Give back the listing in full and exactly, leaving out the images.
Content starts
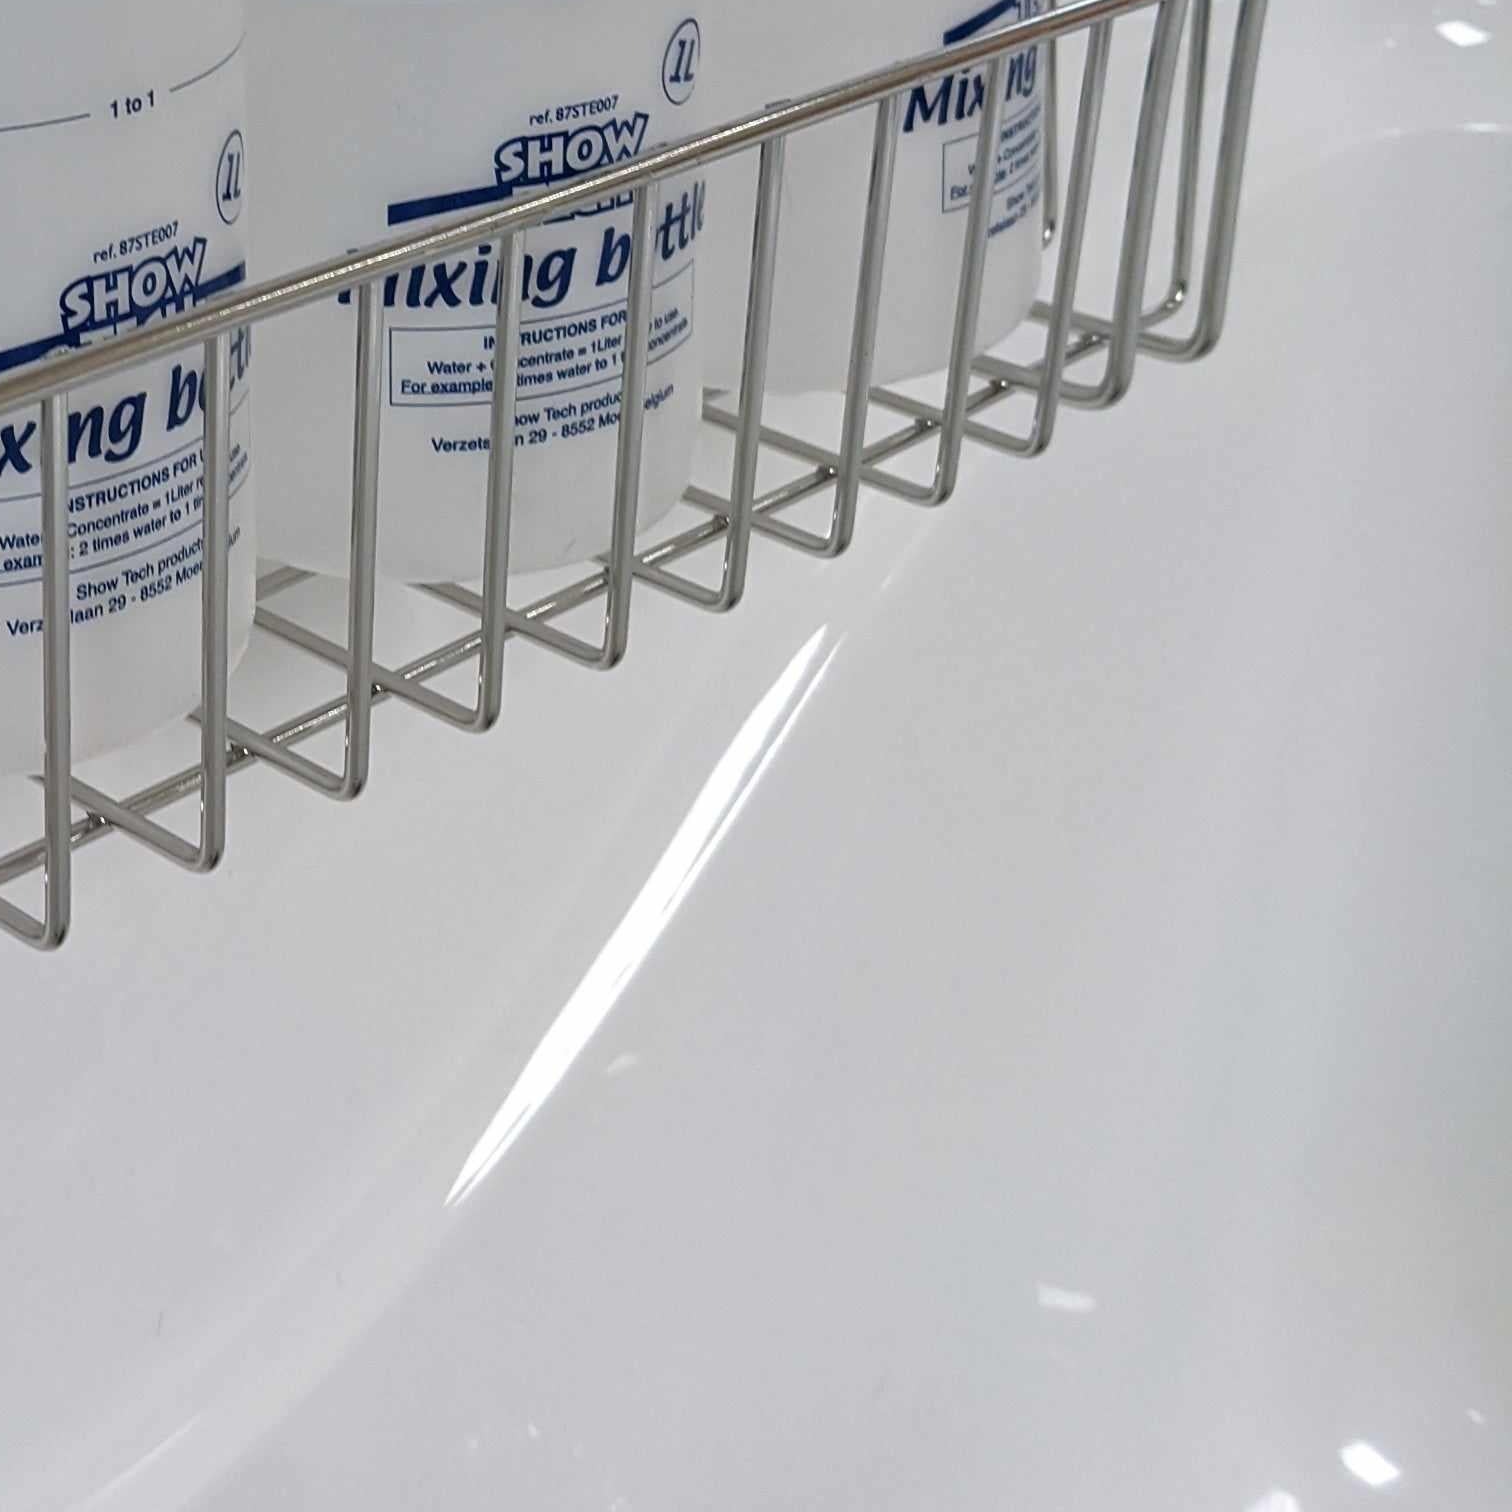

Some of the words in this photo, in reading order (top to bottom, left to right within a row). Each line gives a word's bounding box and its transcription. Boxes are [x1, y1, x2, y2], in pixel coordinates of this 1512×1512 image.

[110, 99, 118, 119] 1
[124, 97, 143, 115] to
[147, 89, 155, 108] 1
[529, 110, 553, 126] ref.
[556, 94, 619, 121] 87STE007
[494, 111, 649, 185] SHOW
[93, 245, 117, 264] ref.
[119, 220, 178, 255] 87STE007
[60, 236, 207, 333] SHOW
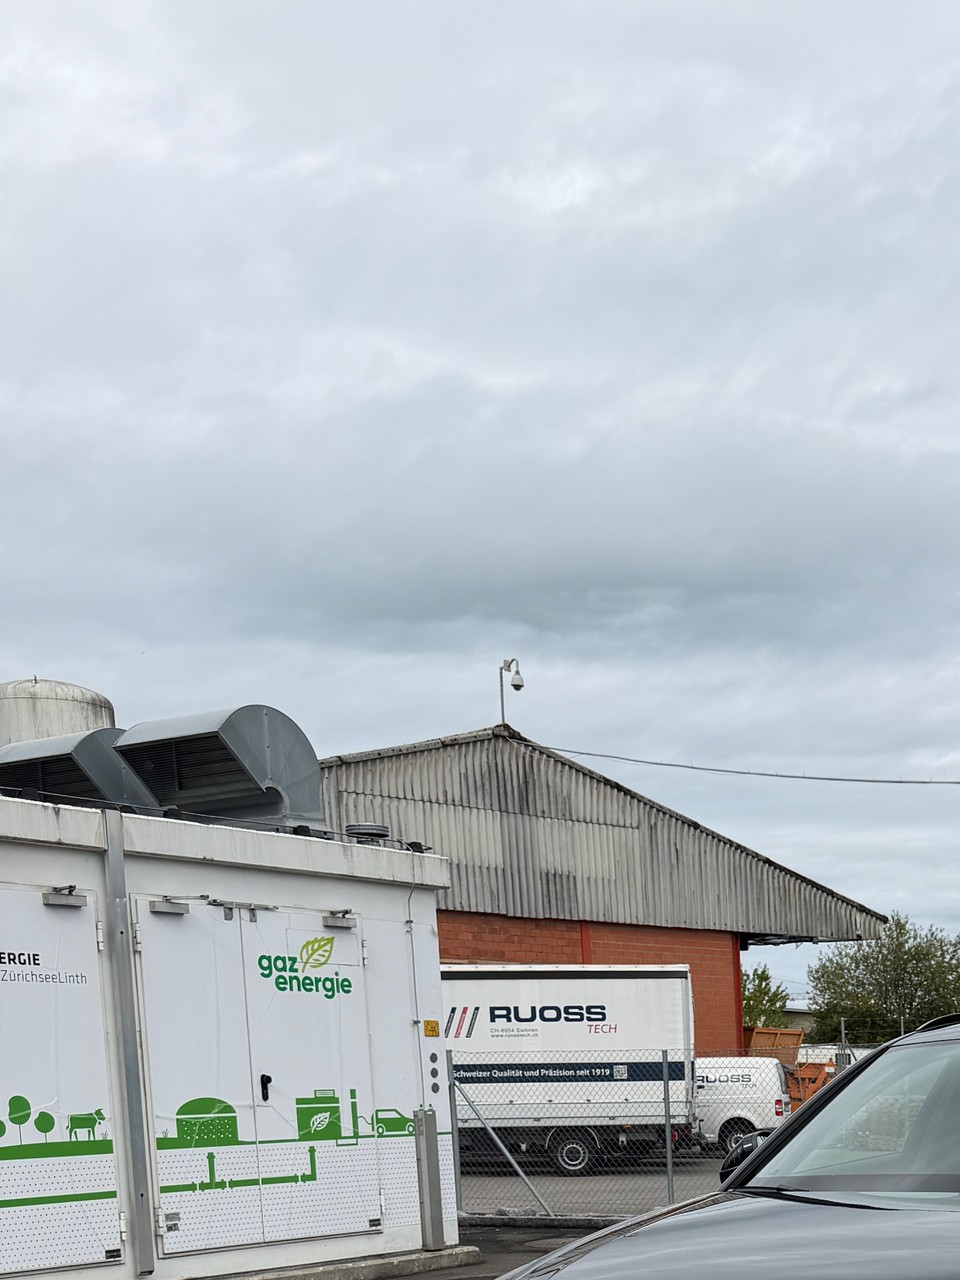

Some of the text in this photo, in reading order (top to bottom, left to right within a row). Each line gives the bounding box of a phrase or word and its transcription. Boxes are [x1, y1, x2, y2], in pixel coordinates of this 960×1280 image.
Content ends
OUTPUT FOR THIS EXERCISE:
Some of the words in this photo, in reading order (top to bottom, left to right within a row). Each line gives a word's bounding box and its transcription. Boxes are [x1, y1, x2, y2], in pixel coordinates of this 1512×1512 image.

[110, 99, 118, 119] 1
[124, 97, 143, 115] to
[147, 89, 155, 108] 1
[529, 110, 553, 126] ref.
[556, 94, 619, 121] 87STE007
[494, 111, 649, 185] SHOW
[93, 245, 117, 264] ref.
[119, 220, 178, 255] 87STE007
[60, 236, 207, 333] SHOW

Some of the text in this photo, in reading order (top to bottom, left to right within a row). Each line gives the bounding box of a phrase or word and its transcription. Boxes are [x1, y1, x2, y2], in pixel coordinates of this 960×1280 image.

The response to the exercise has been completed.